Text-to-region grounding data
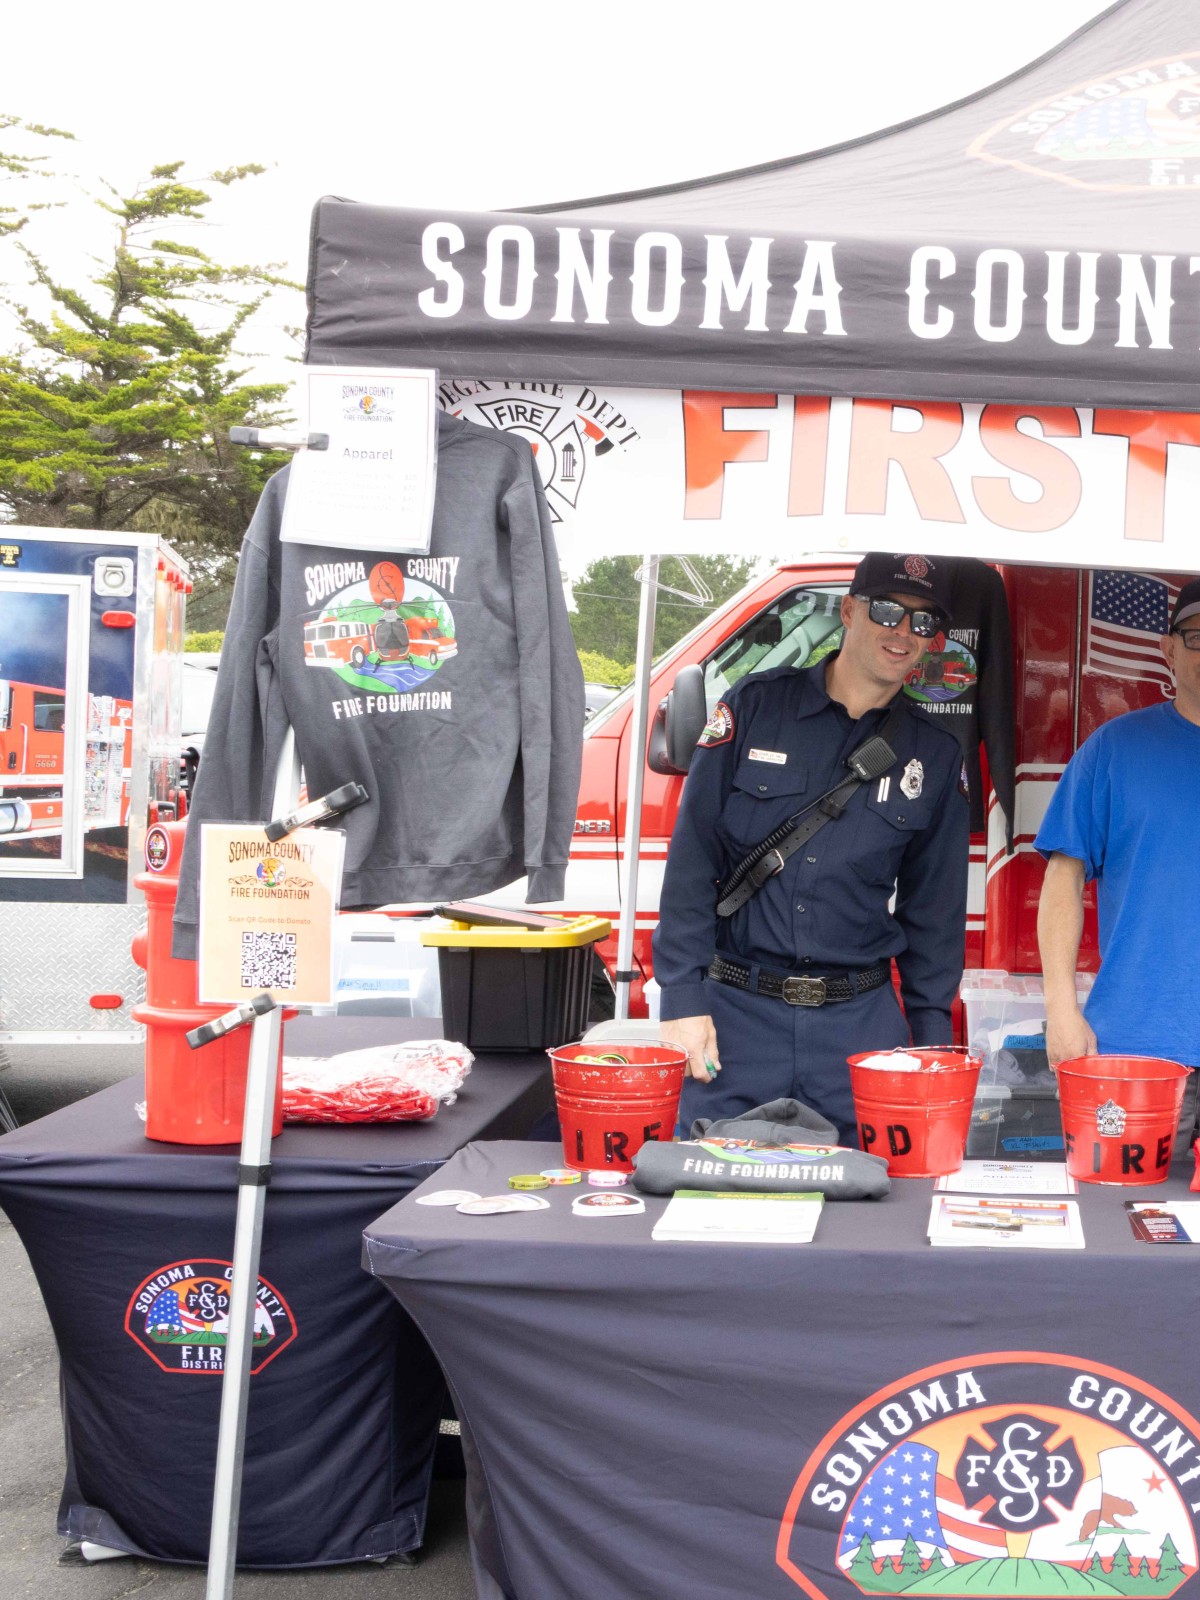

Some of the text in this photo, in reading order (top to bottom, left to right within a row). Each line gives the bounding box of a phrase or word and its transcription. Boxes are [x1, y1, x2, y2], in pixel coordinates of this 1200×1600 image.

[1009, 62, 1200, 136] SONOMA
[418, 221, 848, 336] SONOMA
[342, 385, 394, 400] SONOMA COUNTY
[494, 405, 544, 427] FIRE
[576, 387, 640, 452] DEPT.
[343, 448, 393, 460] Apparel
[304, 557, 460, 606] SONOMA COUNTY
[949, 629, 980, 650] COUNTY
[332, 691, 452, 719] FIRE FOUNDATION
[917, 703, 972, 714] OUNDATION
[721, 706, 732, 729] COUNTY
[229, 841, 316, 864] SONOMA COUNTY
[231, 887, 310, 900] FIRE FOUNDATION
[247, 916, 257, 924] QR
[286, 917, 312, 925] Donate
[1065, 1132, 1172, 1175] FIRE
[682, 1158, 844, 1181] FIRE FOUNDATION
[135, 1265, 196, 1314] SONOMA
[182, 1345, 223, 1361] FIR
[182, 1361, 225, 1370] DISTRI
[811, 1371, 987, 1513] SONOMA
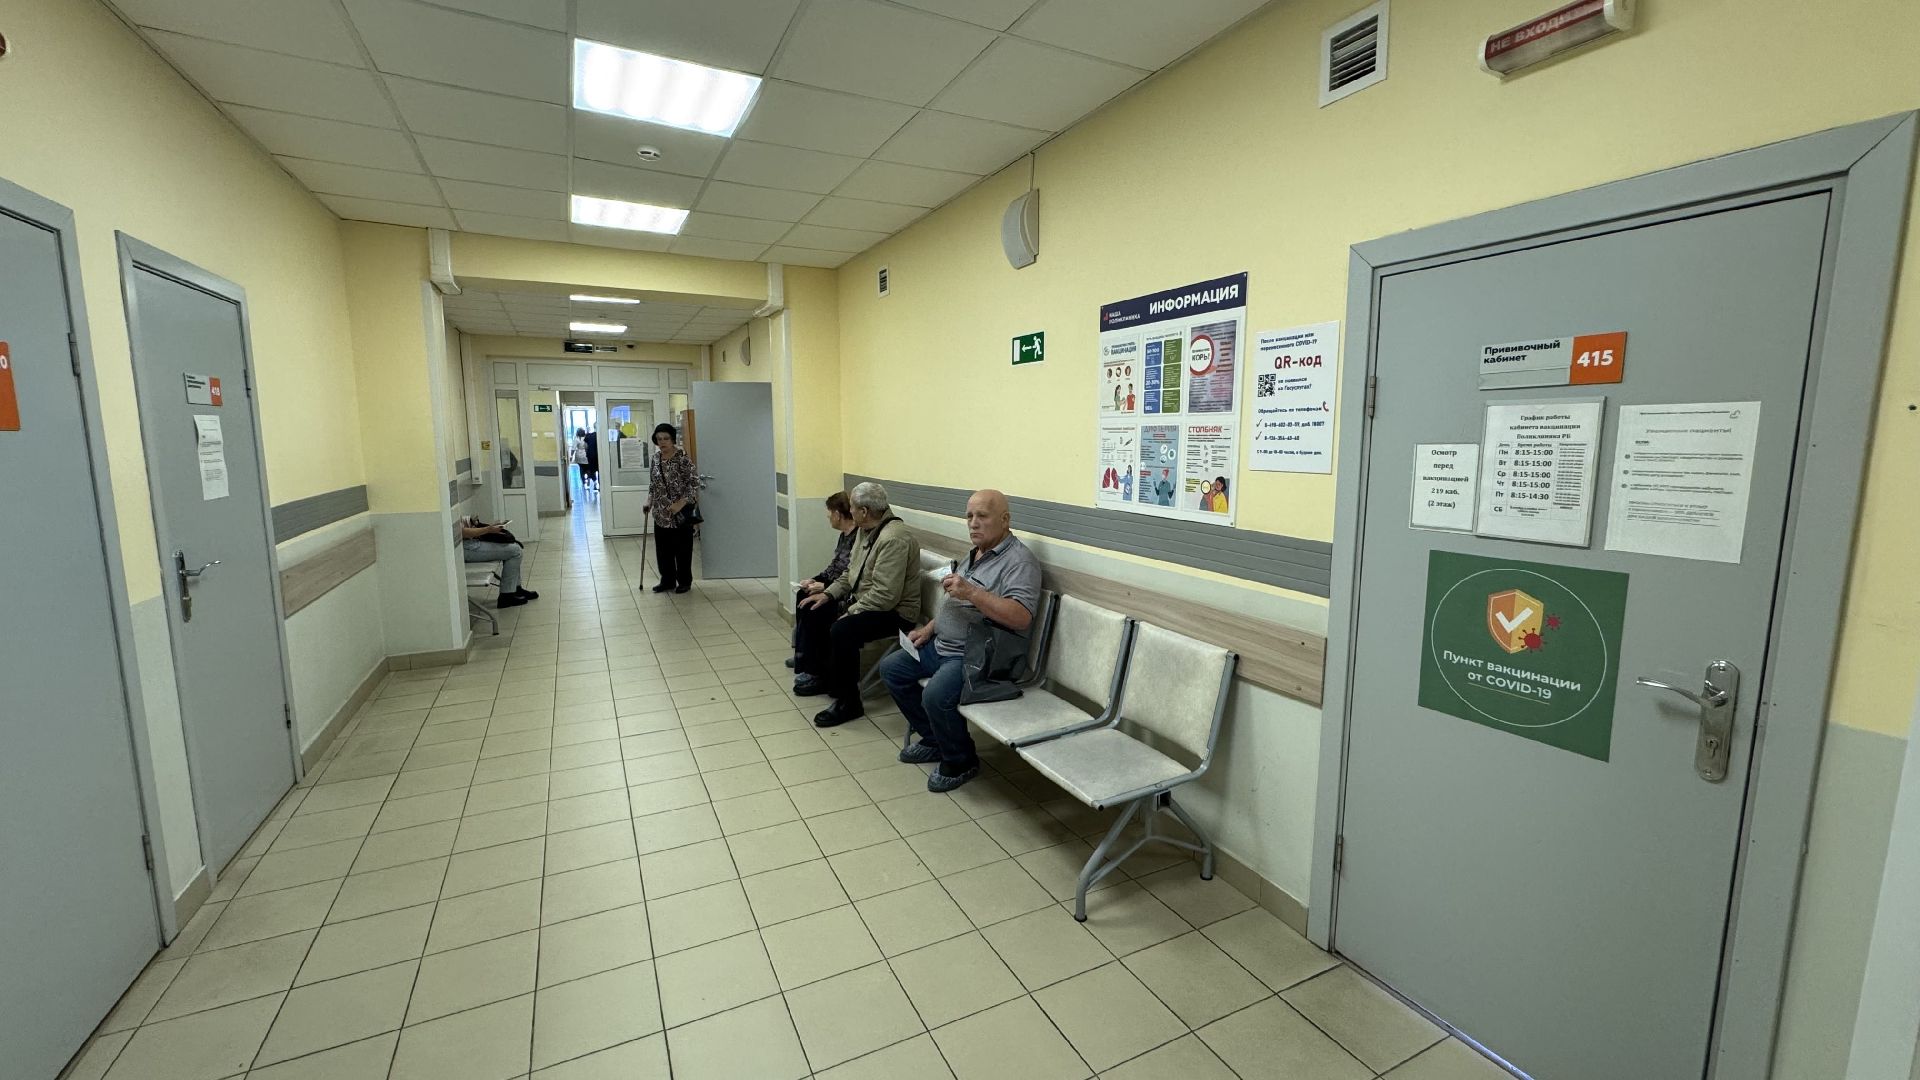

▸ **Exercise prompt**
Return an exact transcription of the entries above, excluding each image.

▸ **Response below**
Some of the text in this photo, in reading order (top to bottom, left to right within a row). Each line gives the bounding box of a phrase or word and its transcription. Boxes are [x1, y1, x2, y2], in pixel coordinates of this 1200×1600 image.

[1009, 62, 1200, 136] SONOMA
[418, 221, 848, 336] SONOMA
[342, 385, 394, 400] SONOMA COUNTY
[494, 405, 544, 427] FIRE
[576, 387, 640, 452] DEPT.
[343, 448, 393, 460] Apparel
[304, 557, 460, 606] SONOMA COUNTY
[949, 629, 980, 650] COUNTY
[332, 691, 452, 719] FIRE FOUNDATION
[917, 703, 972, 714] OUNDATION
[721, 706, 732, 729] COUNTY
[229, 841, 316, 864] SONOMA COUNTY
[231, 887, 310, 900] FIRE FOUNDATION
[247, 916, 257, 924] QR
[286, 917, 312, 925] Donate
[1065, 1132, 1172, 1175] FIRE
[682, 1158, 844, 1181] FIRE FOUNDATION
[135, 1265, 196, 1314] SONOMA
[182, 1345, 223, 1361] FIR
[182, 1361, 225, 1370] DISTRI
[811, 1371, 987, 1513] SONOMA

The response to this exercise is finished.